Referring expression grounding data:
*** Begin section ***
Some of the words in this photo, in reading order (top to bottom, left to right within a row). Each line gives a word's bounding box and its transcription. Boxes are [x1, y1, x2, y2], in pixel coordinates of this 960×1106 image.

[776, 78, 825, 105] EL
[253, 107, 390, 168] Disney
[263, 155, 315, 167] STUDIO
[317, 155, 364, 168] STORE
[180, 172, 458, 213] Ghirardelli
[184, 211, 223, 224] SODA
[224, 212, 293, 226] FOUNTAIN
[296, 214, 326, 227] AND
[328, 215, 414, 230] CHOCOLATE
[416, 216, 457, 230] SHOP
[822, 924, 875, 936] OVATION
*** End section ***
* WHAT TO PRODUCE
Please reproduce the data as it was given, with every line exact.

* ANSWER TO THIS TASK
Some of the words in this photo, in reading order (top to bottom, left to right within a row). Each line gives a word's bounding box and its transcription. Boxes are [x1, y1, x2, y2], in pixel coordinates of this 960×1106 image.

[776, 78, 825, 105] EL
[253, 107, 390, 168] Disney
[263, 155, 315, 167] STUDIO
[317, 155, 364, 168] STORE
[180, 172, 458, 213] Ghirardelli
[184, 211, 223, 224] SODA
[224, 212, 293, 226] FOUNTAIN
[296, 214, 326, 227] AND
[328, 215, 414, 230] CHOCOLATE
[416, 216, 457, 230] SHOP
[822, 924, 875, 936] OVATION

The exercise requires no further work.